The court then found that a “claim” under the Bankruptcy Code includes claims based on time-barred debts. The court explained that the term “claim” is intended to have the “broadest possible definition,” and refers to a right to payment as defined by state law. Importantly, under Maryland law, which governed the proofs of claim at issue, the statute of limitations “does not operate to extinguish [a] debt, but to bar its remedy.” Therefore, a time-barred debt is a “claim” under Maryland law. The court explained that a debt need not be enforceable in court to constitute a “claim.” The court further found that filing proofs of claim on time-barred debts is permitted by the bankruptcy process. While such proofs of claim are to be disallowed under 11 U.S.C. § 558, the court noted that “the Code nowhere suggests that such debts are not to be filed in the first place.”

The court emphasized the role of the trustee in finding that filing a proof of claim on a time-barred debt does not raise the same concerns as filing a lawsuit on a time-barred debt. The court explained that “if a bankruptcy proceeds as contemplated by the Code, a claim based on a time-barred debt will be objected to by the trustee, disallowed, and ultimately discharged, thereby stopping the creditor in any further collection activity.” The court pointed out that, if no proof of claim is filed, “the debt continues to exist and the debt collector may lawfully pursue collection activity apart from filing a lawsuit,” which “is detrimental to the debtor and undermines the bankruptcy system’s interest in ‘the collective treatment of all of a debtor’s creditors at one time.'” The court therefore held that “filing a proof of claim in a Chapter 13 bankruptcy based on a debt that is time-barred does not violate the FDCPA when the statute of limitations does not extinguish the debt.”[1] Because the court found no FDCPA violation, the court did not discuss whether the Bankruptcy Code precludes application of the FDCPA in a bankruptcy case entirely.

In dissent, Judge Diaz wrote that the majority’s holding permitted debt collectors to take advantage of the bankruptcy court “to garner a payoff on unenforceable debts” by relying on bankruptcy trustees not to object to the time-barred proof of claim.
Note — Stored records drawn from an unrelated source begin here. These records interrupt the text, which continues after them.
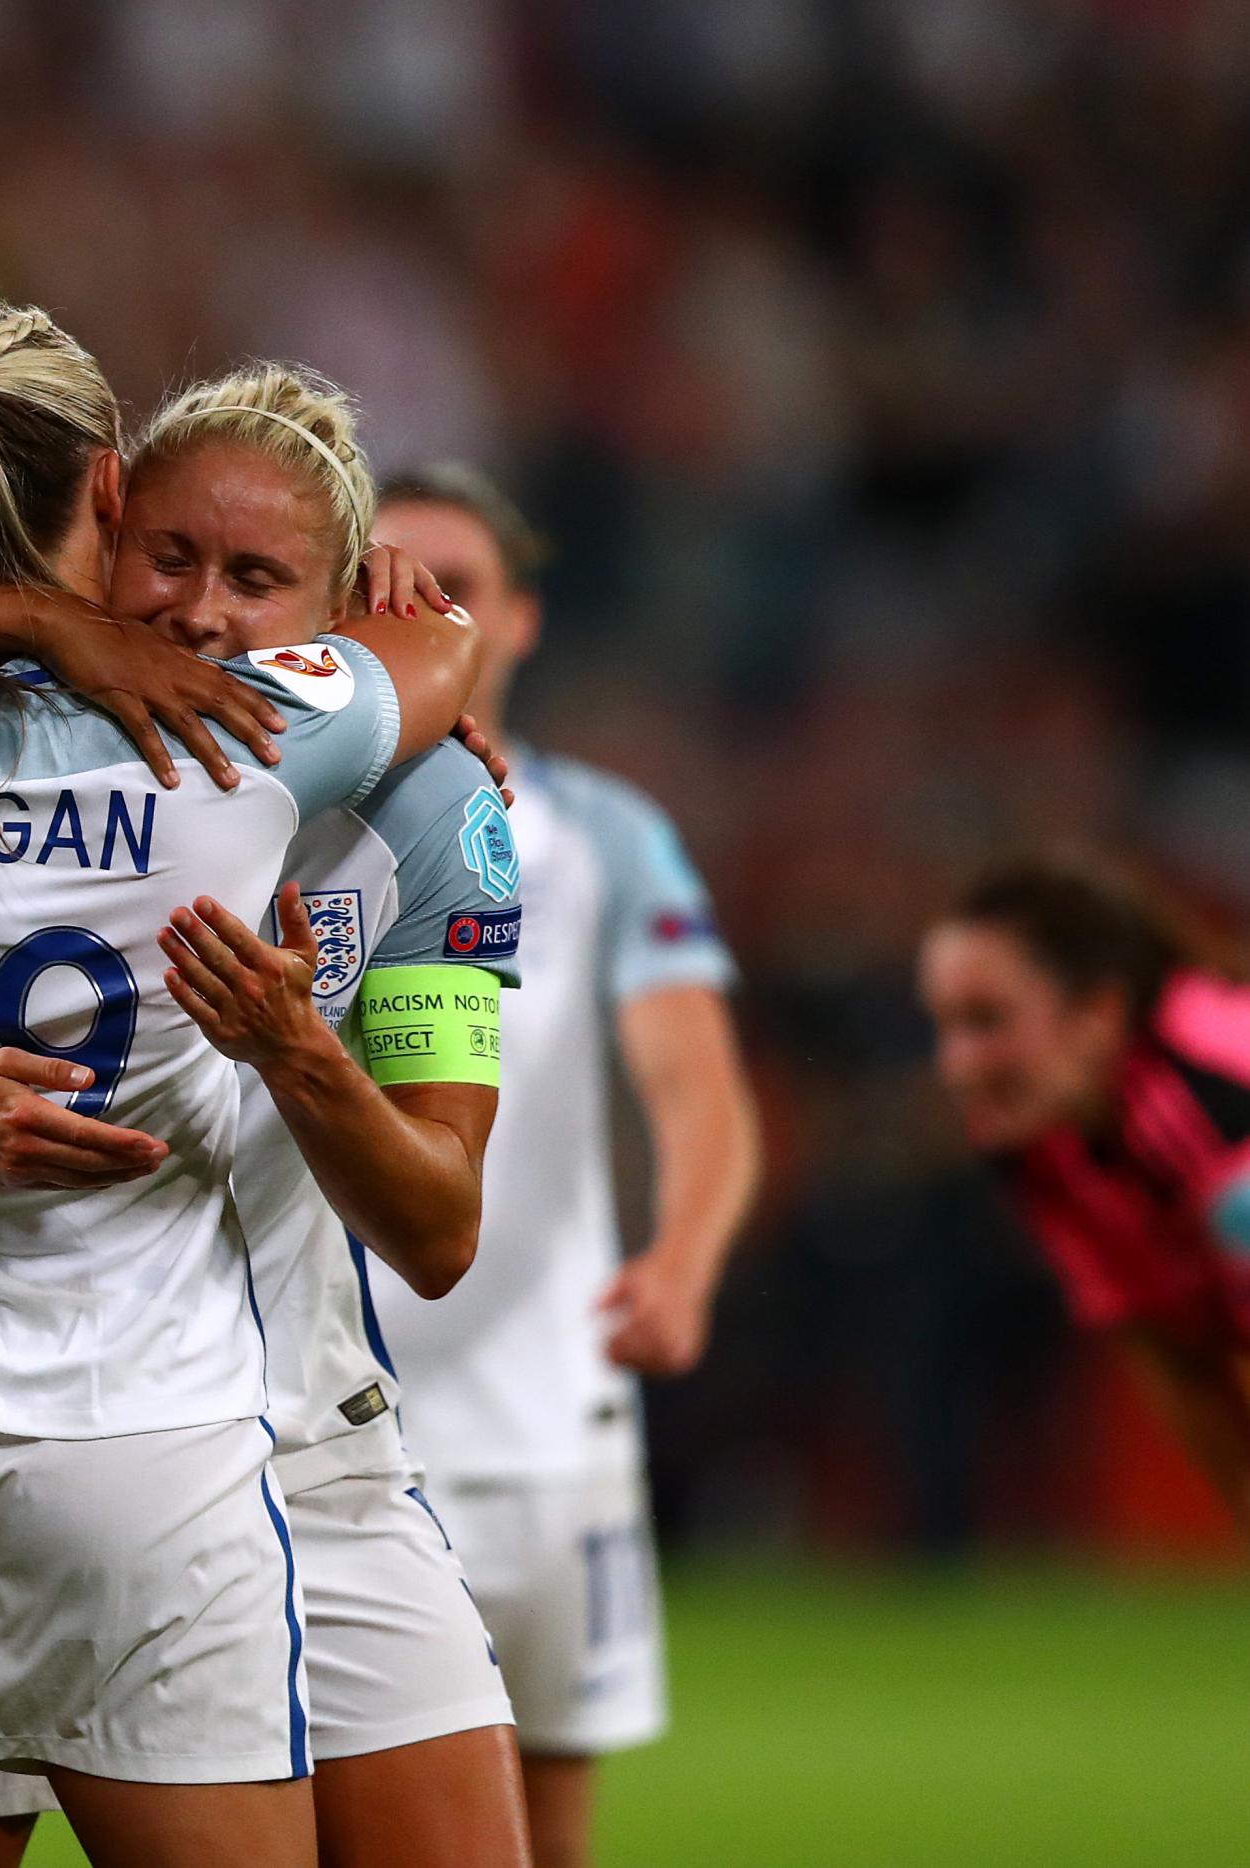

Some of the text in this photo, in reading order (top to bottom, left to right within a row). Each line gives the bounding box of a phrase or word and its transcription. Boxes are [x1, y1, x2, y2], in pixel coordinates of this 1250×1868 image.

[369, 994, 444, 1016] RACISM
[454, 994, 480, 1012] NO
[482, 996, 496, 1014] TO
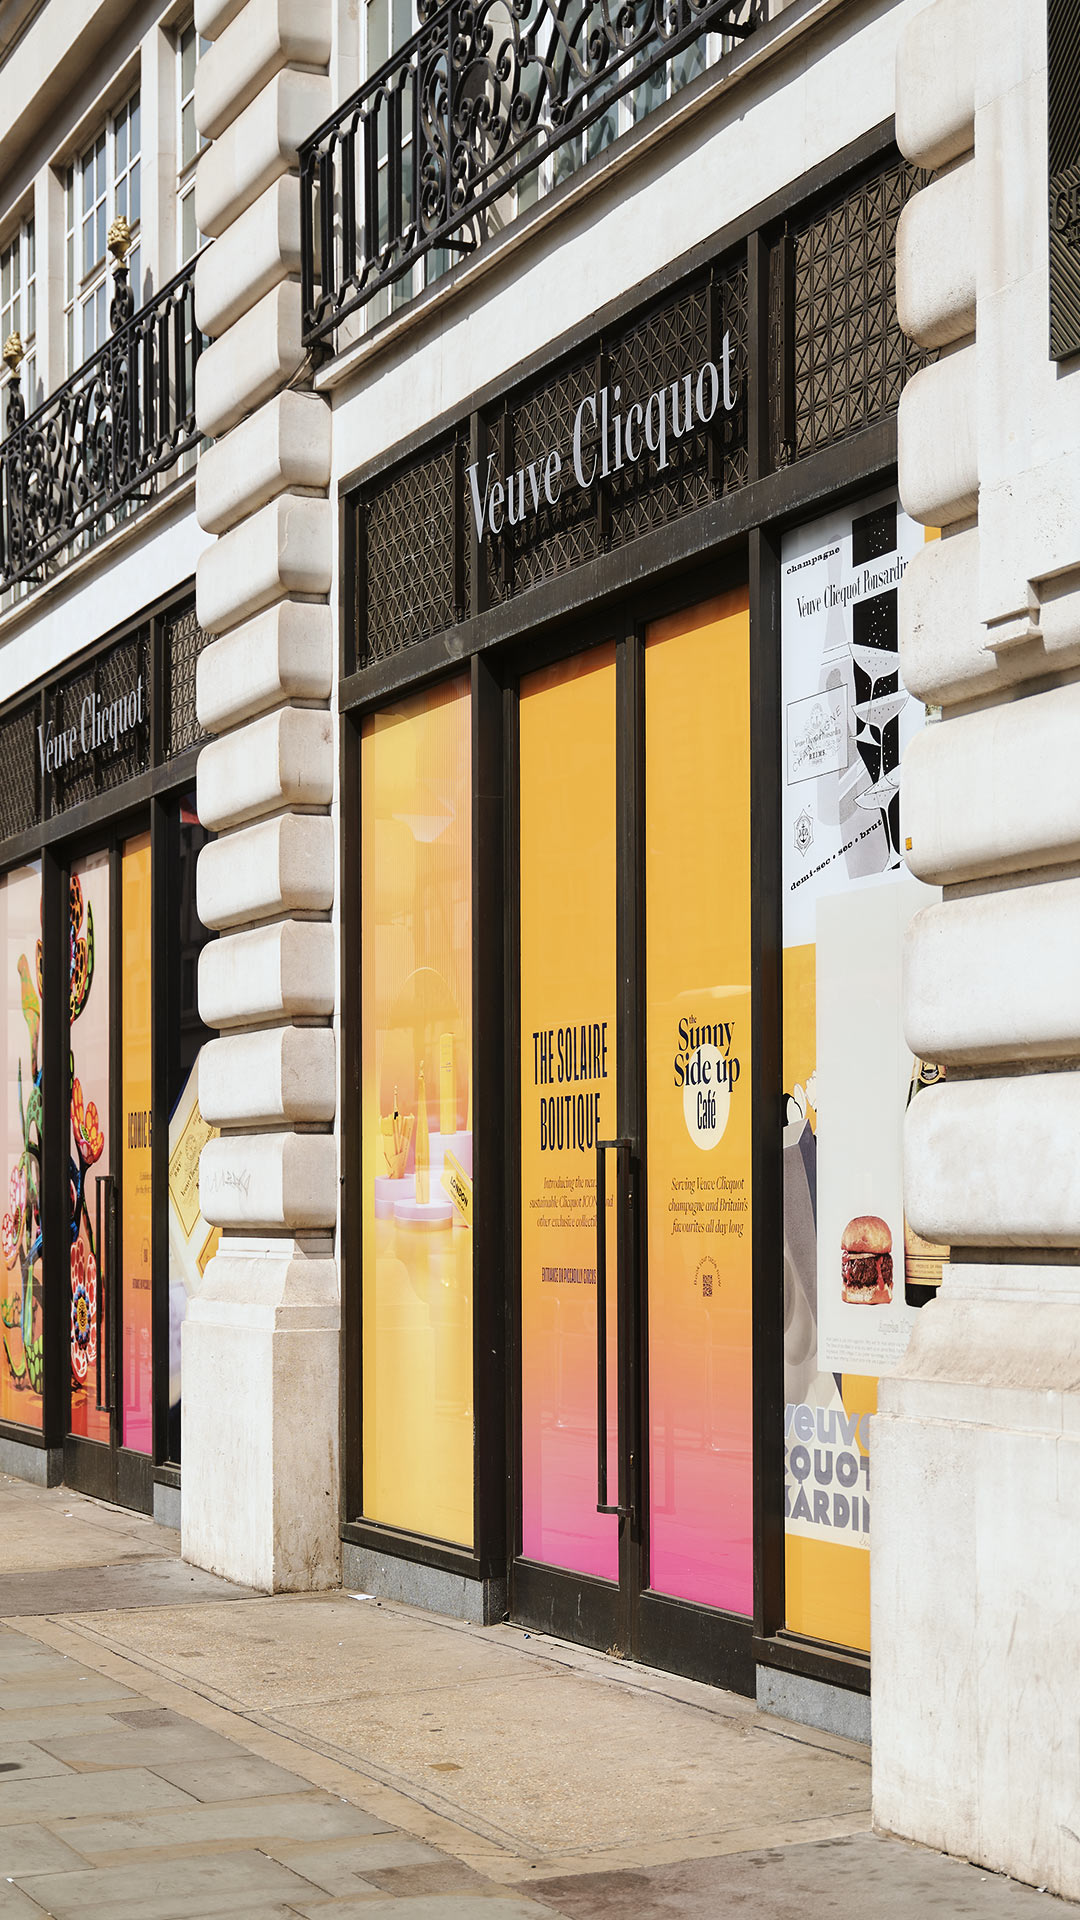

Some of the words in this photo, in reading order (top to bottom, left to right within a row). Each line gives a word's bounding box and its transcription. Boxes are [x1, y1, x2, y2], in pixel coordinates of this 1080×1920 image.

[465, 450, 562, 543] Veuve
[573, 329, 738, 488] Clicquot
[786, 547, 840, 575] champagne
[796, 595, 822, 619] Veuve
[823, 575, 861, 609] Clicquot
[37, 720, 77, 777] Veuve
[81, 674, 144, 754] Clicquot
[859, 818, 883, 840] brut
[689, 1014, 697, 1024] the
[678, 1017, 735, 1056] Sunny
[533, 1030, 554, 1085] THE
[557, 1022, 607, 1083] SOLAIRE
[674, 1049, 712, 1087] Side
[716, 1057, 740, 1092] up
[541, 1092, 600, 1152] BOUTIQUE
[697, 1089, 716, 1130] Café
[544, 1176, 574, 1192] Introducing
[575, 1176, 584, 1188] the
[671, 1177, 695, 1195] Serving
[697, 1177, 715, 1190] Veuve
[716, 1175, 744, 1194] Clicquot
[559, 1195, 582, 1211] Clicquot
[668, 1198, 704, 1216] champagne
[705, 1198, 719, 1211] and
[720, 1198, 748, 1212] Britain's
[537, 1214, 551, 1227] other
[670, 1218, 705, 1236] favourites
[706, 1219, 714, 1233] all
[715, 1219, 728, 1236] day
[729, 1219, 744, 1238] long
[785, 1445, 870, 1491] QUOT
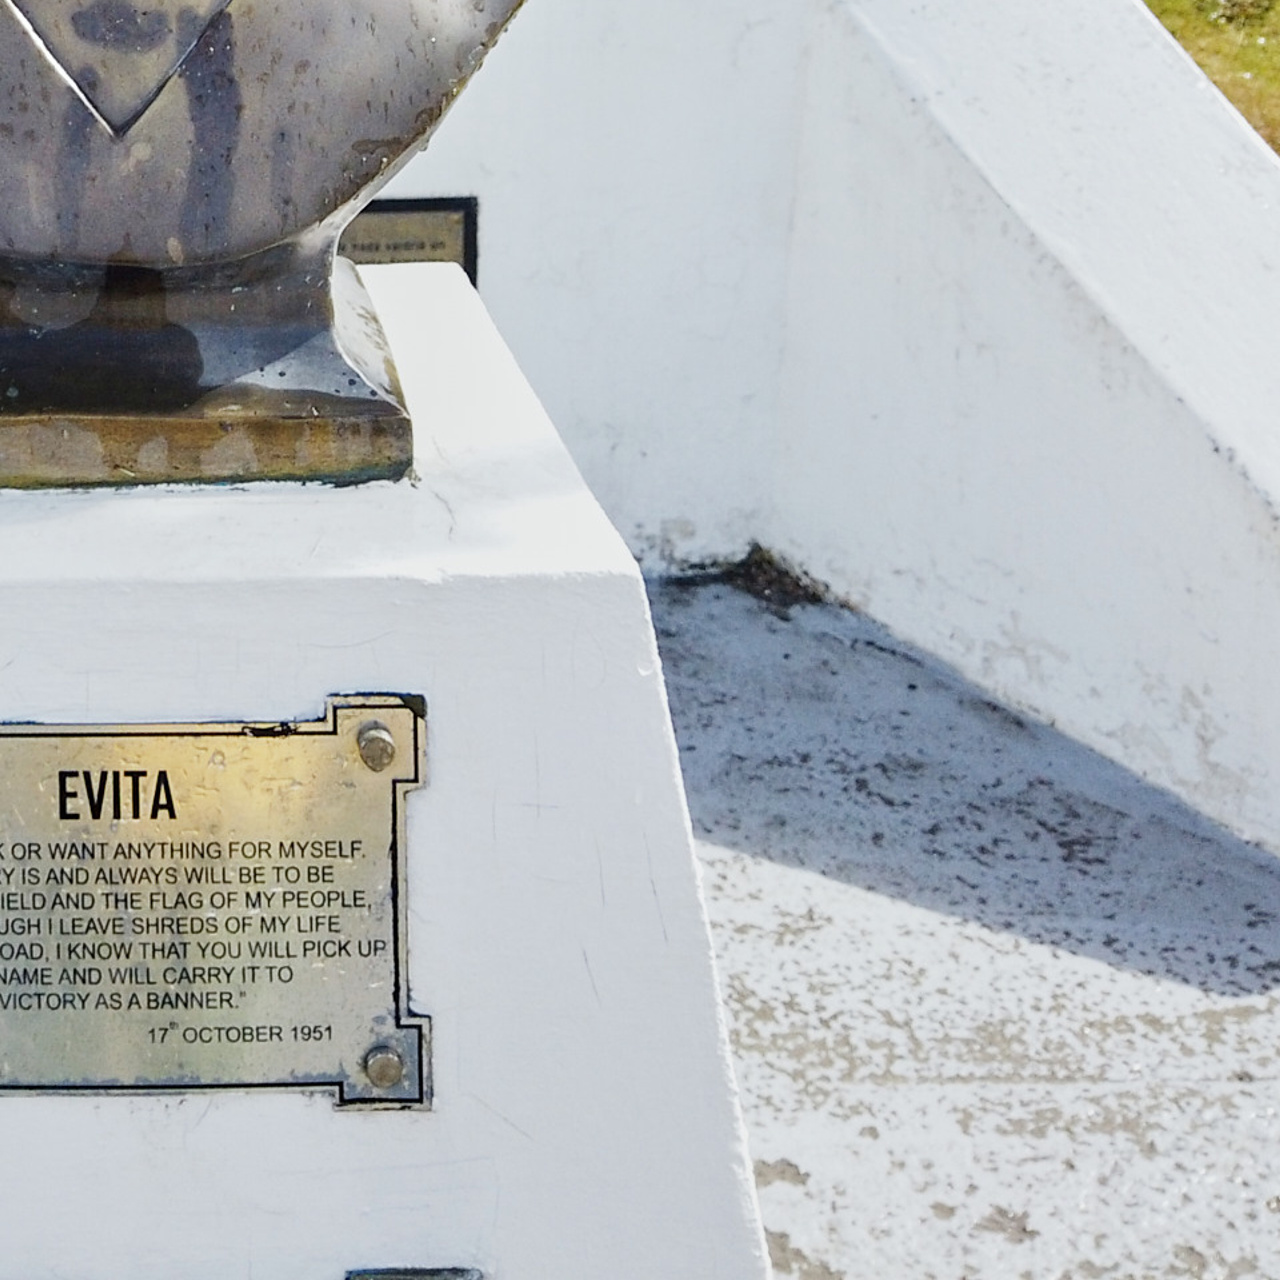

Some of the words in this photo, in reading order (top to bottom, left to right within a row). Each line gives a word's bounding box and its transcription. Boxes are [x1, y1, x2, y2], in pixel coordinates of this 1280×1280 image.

[58, 769, 178, 820] EVITA
[10, 842, 42, 862] OR
[48, 842, 110, 862] WANT
[113, 841, 222, 860] ANYTHING
[228, 840, 272, 860] FOR
[278, 839, 366, 859] MYSELF.
[21, 865, 41, 886] IS
[45, 865, 90, 886] AND
[95, 865, 178, 886] ALWAYS
[183, 865, 233, 886] WILL
[238, 865, 266, 886] BE
[271, 865, 301, 886] TO
[306, 865, 335, 886] BE
[50, 890, 96, 912] AND
[100, 890, 143, 912] THE
[149, 890, 204, 912] FLAG
[209, 890, 239, 912] OF
[244, 890, 276, 912] MY
[281, 890, 372, 910] PEOPLE,
[48, 916, 53, 936] I
[59, 916, 125, 936] LEAVE
[131, 916, 219, 936] SHREDS
[224, 916, 253, 936] OF
[259, 916, 292, 936] MY
[296, 916, 342, 936] LIFE
[56, 941, 61, 961] I
[67, 941, 133, 961] KNOW
[138, 941, 192, 961] THAT
[196, 940, 242, 960] YOU
[247, 940, 298, 960] WILL
[302, 939, 352, 959] PICK
[357, 939, 387, 958] UP
[58, 966, 103, 986] AND
[107, 966, 158, 986] WILL
[162, 966, 236, 986] CARRY
[241, 966, 261, 986] IT
[264, 966, 294, 986] TO
[94, 990, 123, 1011] AS
[126, 990, 142, 1011] A
[182, 1025, 284, 1044] OCTOBER
[290, 1024, 332, 1043] 1951
Judge Diaz wrote that such conduct “misleadingly represents to the debtor that [the debt collector] is entitled to collect through bankruptcy when it is not,” and that this activity “is precisely the sort of unfair and misleading practice that Congress intended the courts to recognize as a violation” of the FDCPA.

Currently, the Eleventh Circuit remains the only court of appeals to have held that filing a proof of claim on a time-barred debt in a Chapter 13 bankruptcy violates the FDCPA. See Crawford v. LVNV Funding, LLC, 758 F.3d 1254, 1259-60 (11th Cir. 2014), cert. denied, 135 S. Ct. 1844 (2015). Creditors filing proofs of claim in bankruptcy should stay attuned to the status of the law on this issue in their circuit. When filing a proof of claim on a time-barred debt outside the Eleventh Circuit, the best practice is to file a proof of claim that fully complies with Rule 3001 and provides complete and accurate information about the debt.